Sadly, that would be the high point OF THE SHOW.  The Cobra actually hit (?) but the kickout sent Santino out of the ring; when he flew off the top it was into the evening's third World Strongest Slam.

And now to end this run, the actual challenge in this sort of setup...the Great Khali.  If a dude had thrown me over the announce table with such force and venom it's in his TitanTron, I would've kindly rebuffed any future match advances.  If a man had broken my leg and had a disposition as disagreeable as his theme music was awesome, I'd also relent my spot and make it available to the next warm corp...body.  This is why people in our part of the world complain about things, because we're the idiots with a fully functioning long-term memory.  I suppose things could be worse, they could be referring to the babyface unit in this iteration as Nakhaliya.  (If that becomes a thing, a hundred apologies on my end.)  Khali hit the judo chop and Henry teetered but was still upright so a second one post-shrug dropped him, but only for two.  It wasn't Eddie's shrug after Rhinocerous Gored Lord Voldemort at that Vengeance, but it was quite the homeless man's gratifying moment.  Henry powers out of a Plunge attempt, and SPLUTs Khali--

--and then he got his foot on the rope and the show inexorably hit the skids from there.  Khali hit Henry with an admittedly impressive boot and another Judo Chop that sent Henry out of the ring.  Once out there, Mark thought about, decided he liked the view, and walked.  Yes, again.  Yes, on Main Event, again.  If Henry ends up eating JBL and spitting out a 10-gallon in the next five days, this is why.
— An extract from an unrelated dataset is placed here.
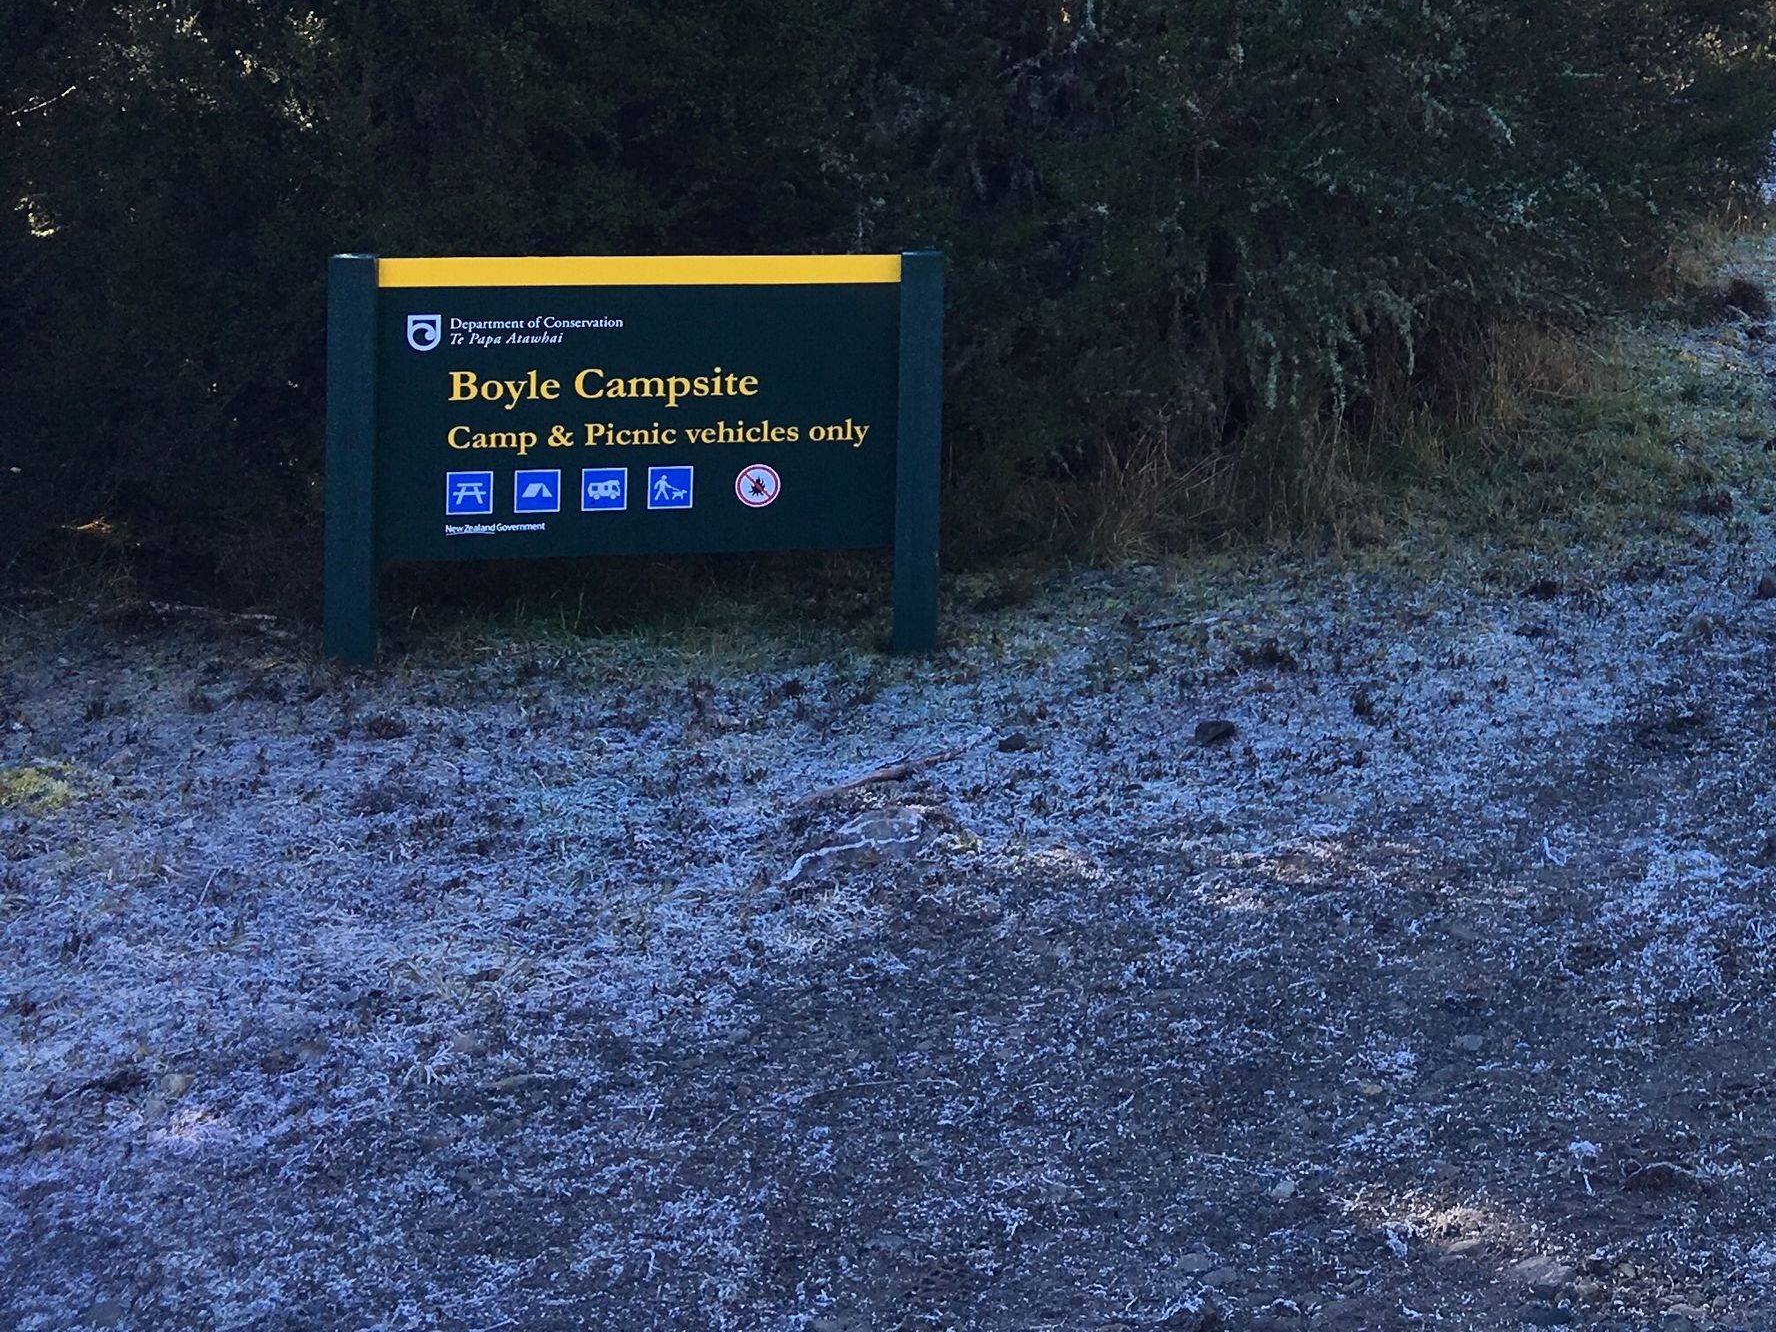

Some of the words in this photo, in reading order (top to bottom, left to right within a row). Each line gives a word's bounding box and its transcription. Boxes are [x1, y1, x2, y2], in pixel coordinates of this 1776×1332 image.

Where's the JBL that I want to eat?  We've seen Henry beat Khali before; hell, we've seen the architect of destruction put Khali in the Hall.  The last I checked, this Wednesday night programme wasn't Bombay exclusive.  What in every analogue of the four-letter F-bomb was that!?  Khali doesn't need to be protected, he can barely move.  He's not on the PPV, Henry is in a match against Sheamus you're trying to get people into because, y'know, HOSS FIGHT.    What made this even more galling is that he actually hit the Slam on him.  There is a plutocracy in WWE, another way a bunch of men playing out a script in their underwear resembles America at its core, and in it Mark Henry is either a king or something close and Khali is the well-meaning but slow commoner who tries really hard to plow the fields.  And that happened anyway.

Somewhere on the Internet I assure you Captain Picard is complaining.

Indefensible endings, a reheated Zeb Coulter promo in which he wasn't merely missing his fastball, but his split-finger, his sinker, his spitter and his eephus, then ten minutes of recaps to close the show, a show so bad that I  almost named this BCB "Roger Ebert Was Originally Going To Review This But He Took The Easy Way Out".

That's what they do, apparently.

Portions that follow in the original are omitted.